*Instructions for the task*
If a record holds a picture, leave the picture out and restate everything else word for word.

*Data extracts*
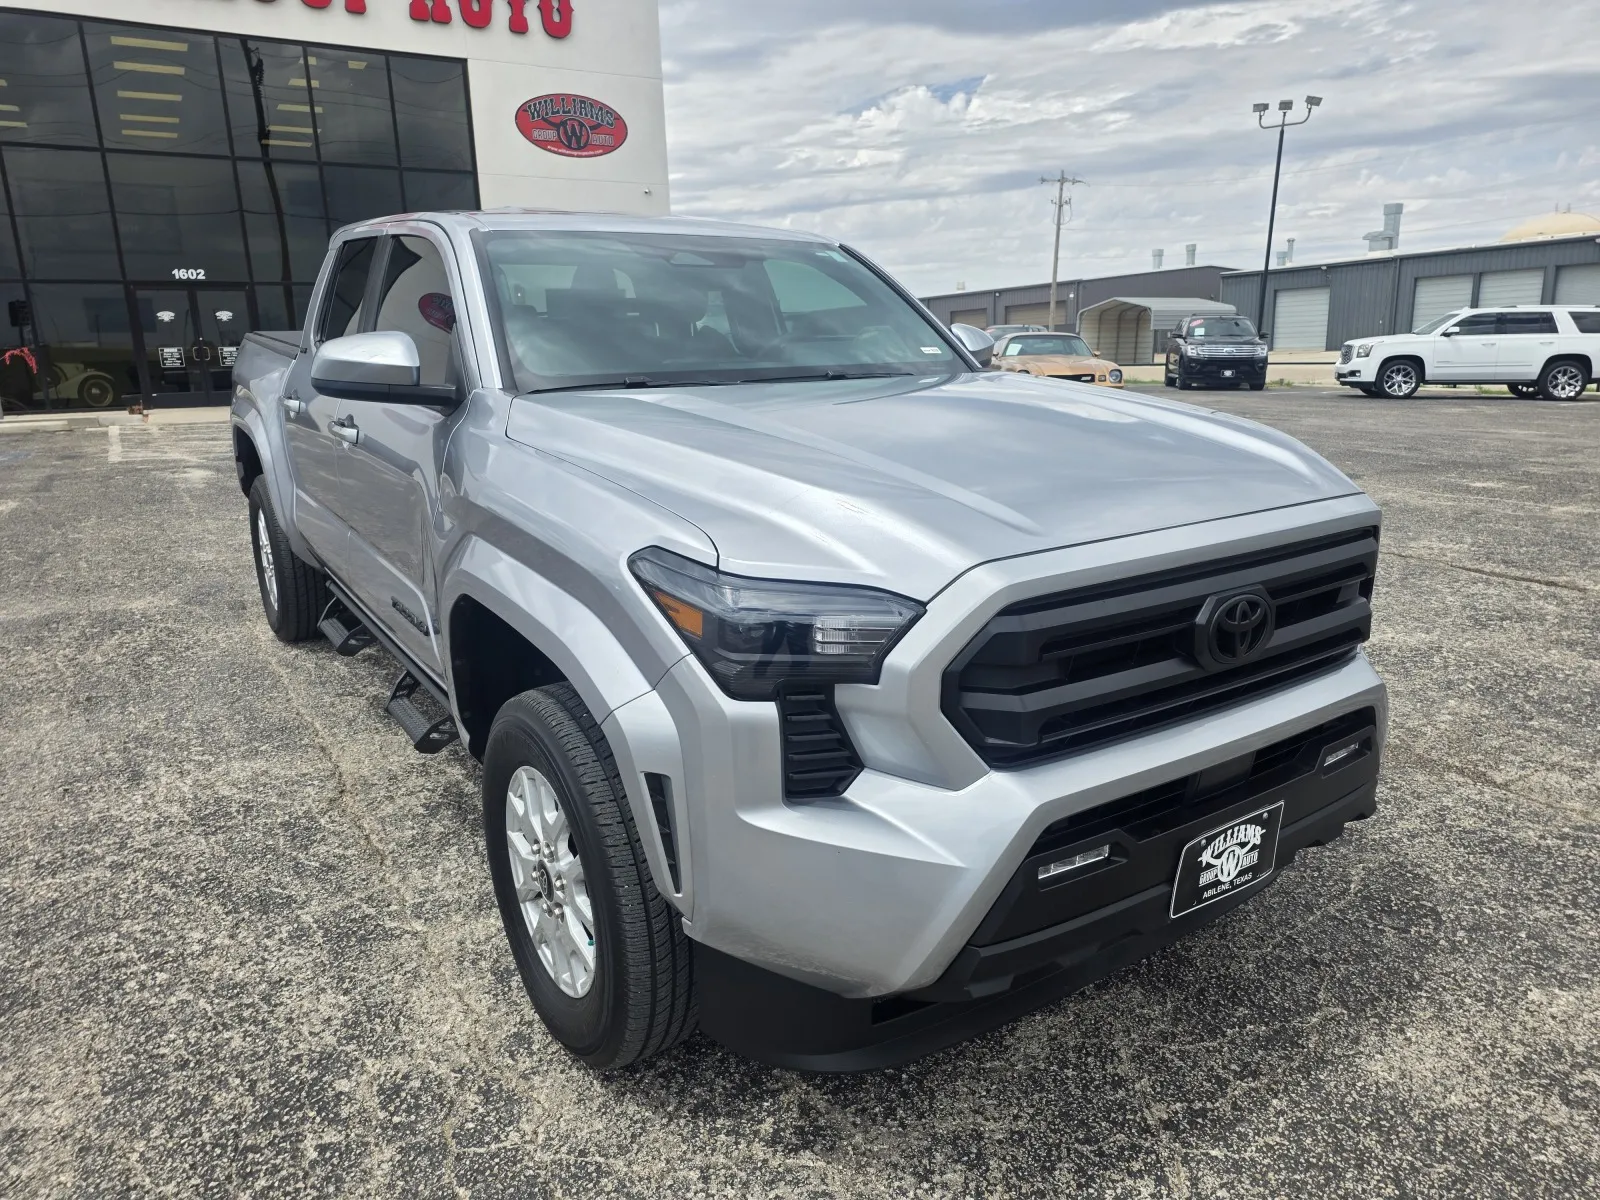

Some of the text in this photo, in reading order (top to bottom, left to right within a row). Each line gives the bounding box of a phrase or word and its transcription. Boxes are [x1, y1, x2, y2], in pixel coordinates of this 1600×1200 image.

[527, 97, 615, 129] WILLIAMS
[532, 128, 558, 141] GROUP
[591, 133, 615, 146] AUTO
[171, 268, 206, 280] 1602
[1201, 824, 1262, 868] WILLIAMS
[1242, 851, 1259, 868] AUTO
[1202, 872, 1253, 899] ABILENE, TEXAS
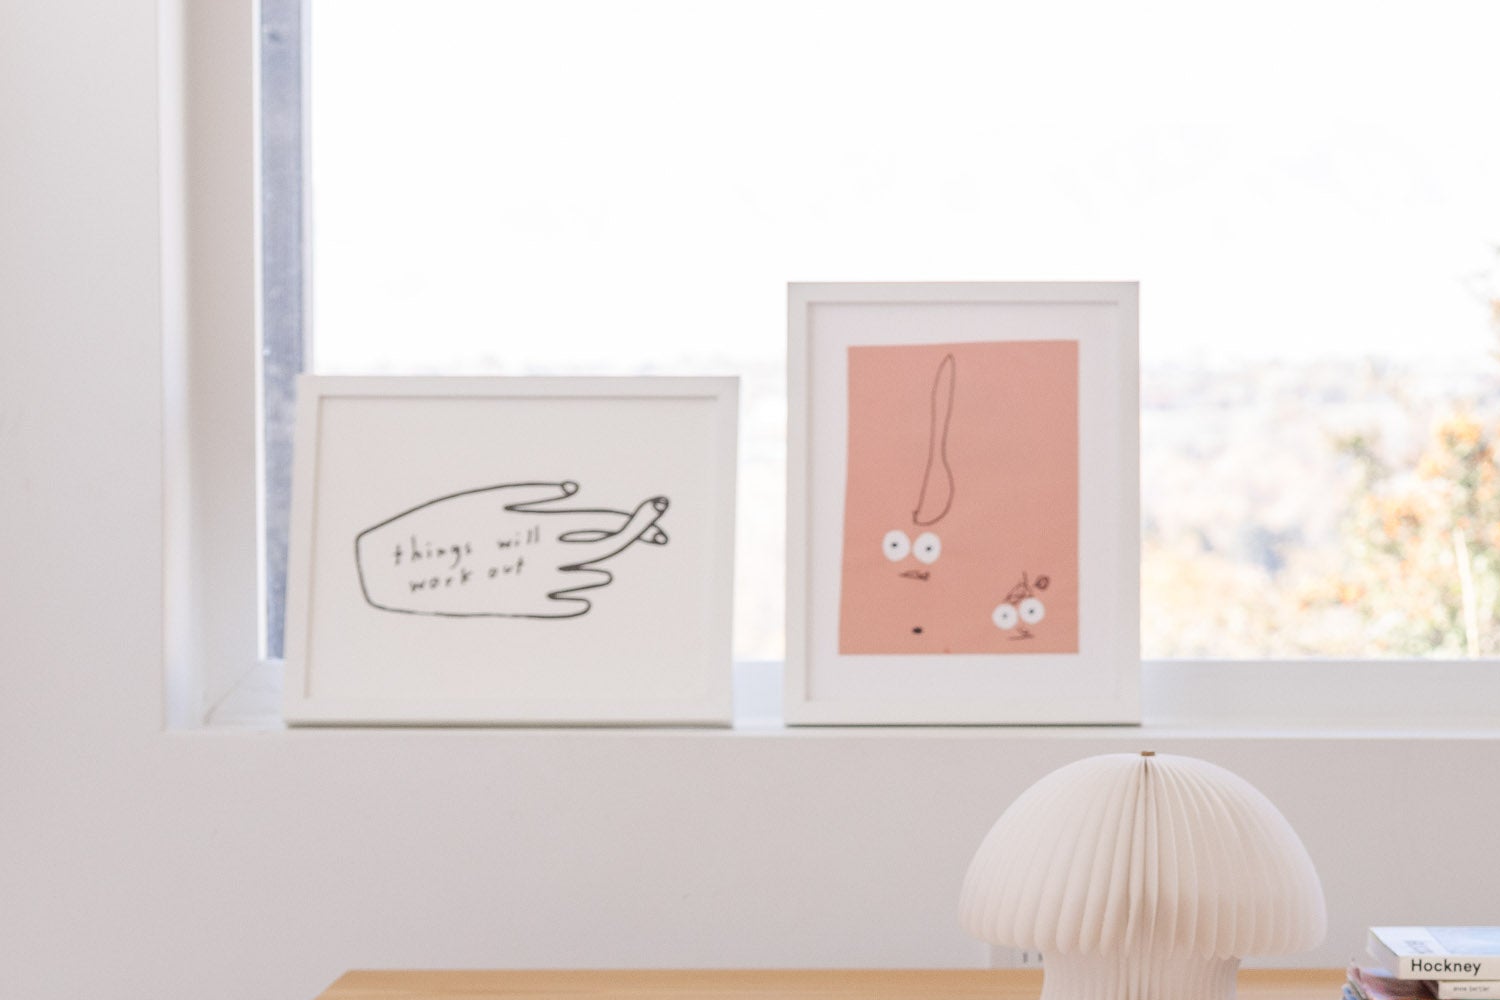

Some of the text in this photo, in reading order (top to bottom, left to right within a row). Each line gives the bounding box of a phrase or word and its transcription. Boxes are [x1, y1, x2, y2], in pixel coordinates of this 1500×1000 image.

[393, 526, 540, 569] things will
[409, 559, 524, 592] work out
[1411, 958, 1482, 976] Hockney
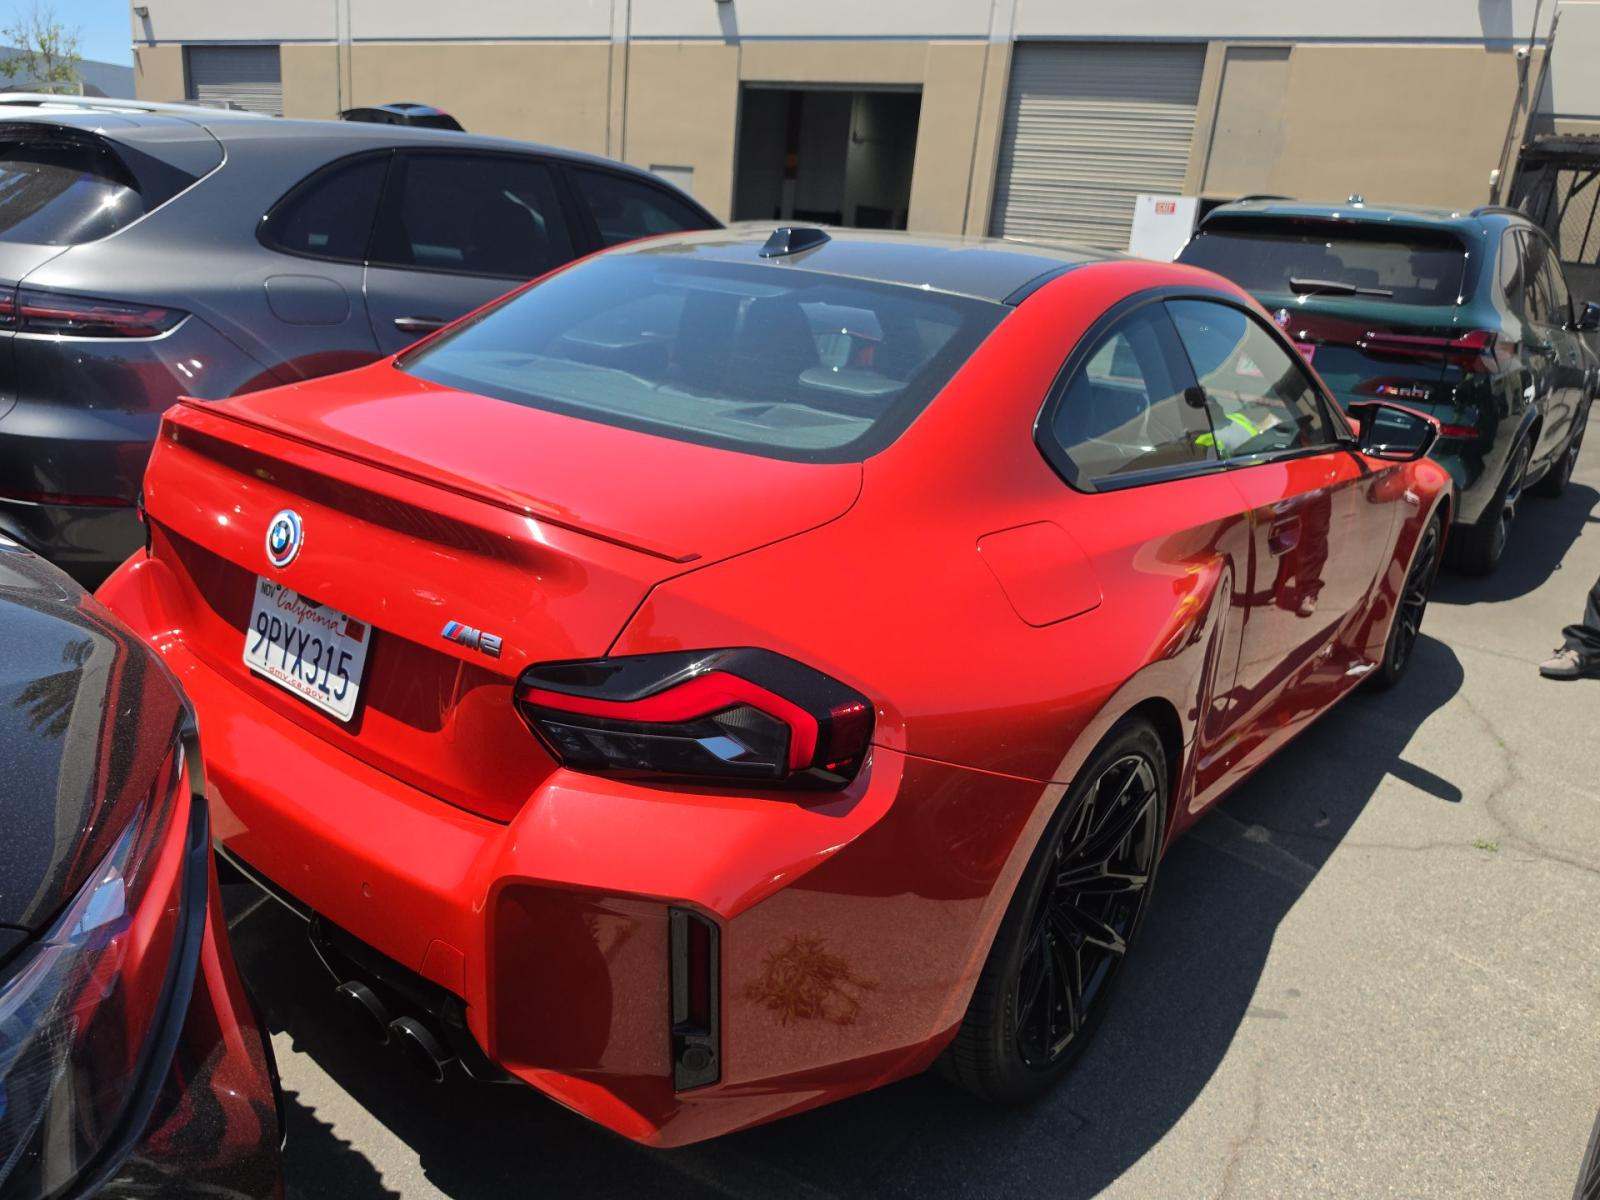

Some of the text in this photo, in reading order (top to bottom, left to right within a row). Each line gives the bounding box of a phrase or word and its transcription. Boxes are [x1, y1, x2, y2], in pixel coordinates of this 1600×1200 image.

[261, 581, 277, 599] NOV
[277, 586, 345, 637] California
[251, 611, 353, 701] 9PYX315
[457, 624, 503, 659] M2
[267, 665, 325, 702] dmv.ca.gov
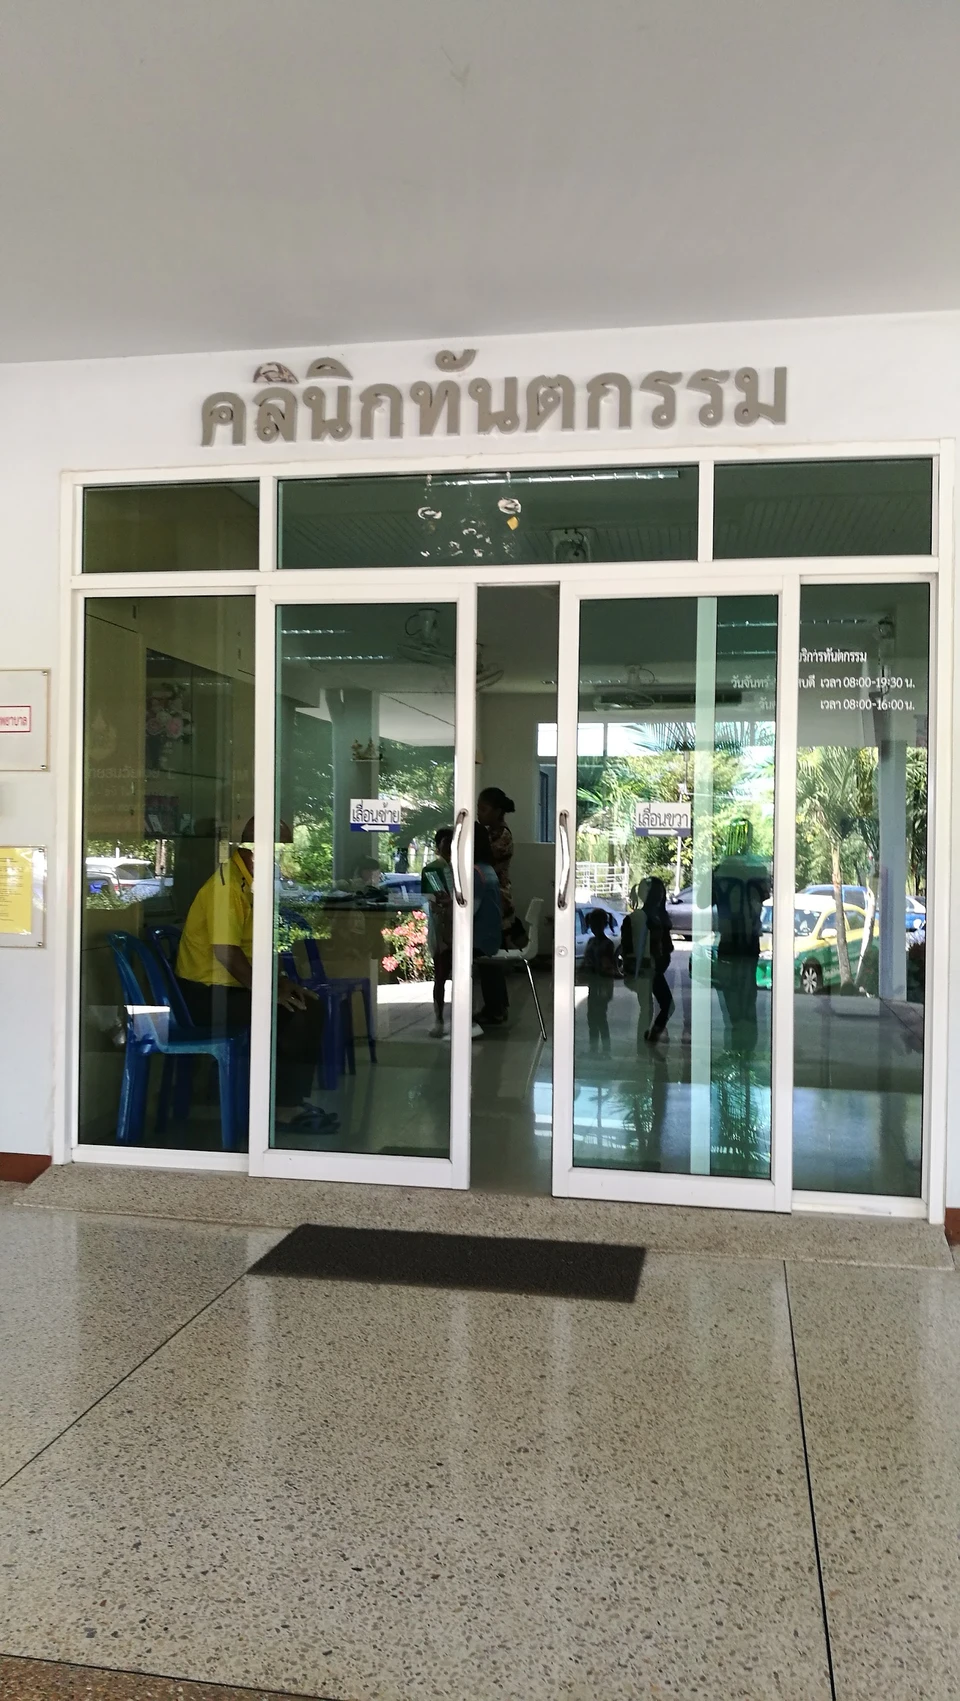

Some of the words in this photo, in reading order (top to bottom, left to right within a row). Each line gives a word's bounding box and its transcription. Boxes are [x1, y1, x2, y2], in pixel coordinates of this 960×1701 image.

[200, 348, 788, 448] คลินิกทันตกรรม
[820, 678, 842, 689] เวลา
[843, 676, 903, 688] 08:00-19:30
[905, 678, 916, 689] น.
[820, 700, 842, 710] เวลา
[843, 698, 904, 710] 08:00-16:00
[905, 700, 915, 710] น.
[0, 716, 28, 727] พยาบาล
[638, 803, 689, 827] เลื่อนขวา

*Final answer*
Some of the text in this photo, in reading order (top to bottom, left to right within a row). Each line gives the bounding box of a phrase or word and its transcription. Boxes are [x1, y1, x2, y2], in pixel coordinates of this 1600×1200 image.

[527, 97, 615, 129] WILLIAMS
[532, 128, 558, 141] GROUP
[591, 133, 615, 146] AUTO
[171, 268, 206, 280] 1602
[1201, 824, 1262, 868] WILLIAMS
[1242, 851, 1259, 868] AUTO
[1202, 872, 1253, 899] ABILENE, TEXAS

Some of the text in this photo, in reading order (top to bottom, left to right within a row). Each line gives the bounding box of a phrase or word and its transcription. Boxes are [x1, y1, x2, y2], in pixel coordinates of this 1500×1000 image.

[393, 526, 540, 569] things will
[409, 559, 524, 592] work out
[1411, 958, 1482, 976] Hockney

Some of the text in this photo, in reading order (top to bottom, left to right within a row). Each line gives the bounding box of a phrase or word and its transcription. Boxes are [x1, y1, x2, y2], in pixel coordinates of this 1600×1200 image.

[261, 581, 277, 599] NOV
[277, 586, 345, 637] California
[251, 611, 353, 701] 9PYX315
[457, 624, 503, 659] M2
[267, 665, 325, 702] dmv.ca.gov

Some of the words in this photo, in reading order (top to bottom, left to right within a row). Each line gives a word's bounding box and its transcription. Boxes are [x1, y1, x2, y2], in pixel coordinates of this 960×1701 image.

[200, 348, 788, 448] คลินิกทันตกรรม
[820, 678, 842, 689] เวลา
[843, 676, 903, 688] 08:00-19:30
[905, 678, 916, 689] น.
[820, 700, 842, 710] เวลา
[843, 698, 904, 710] 08:00-16:00
[905, 700, 915, 710] น.
[0, 716, 28, 727] พยาบาล
[638, 803, 689, 827] เลื่อนขวา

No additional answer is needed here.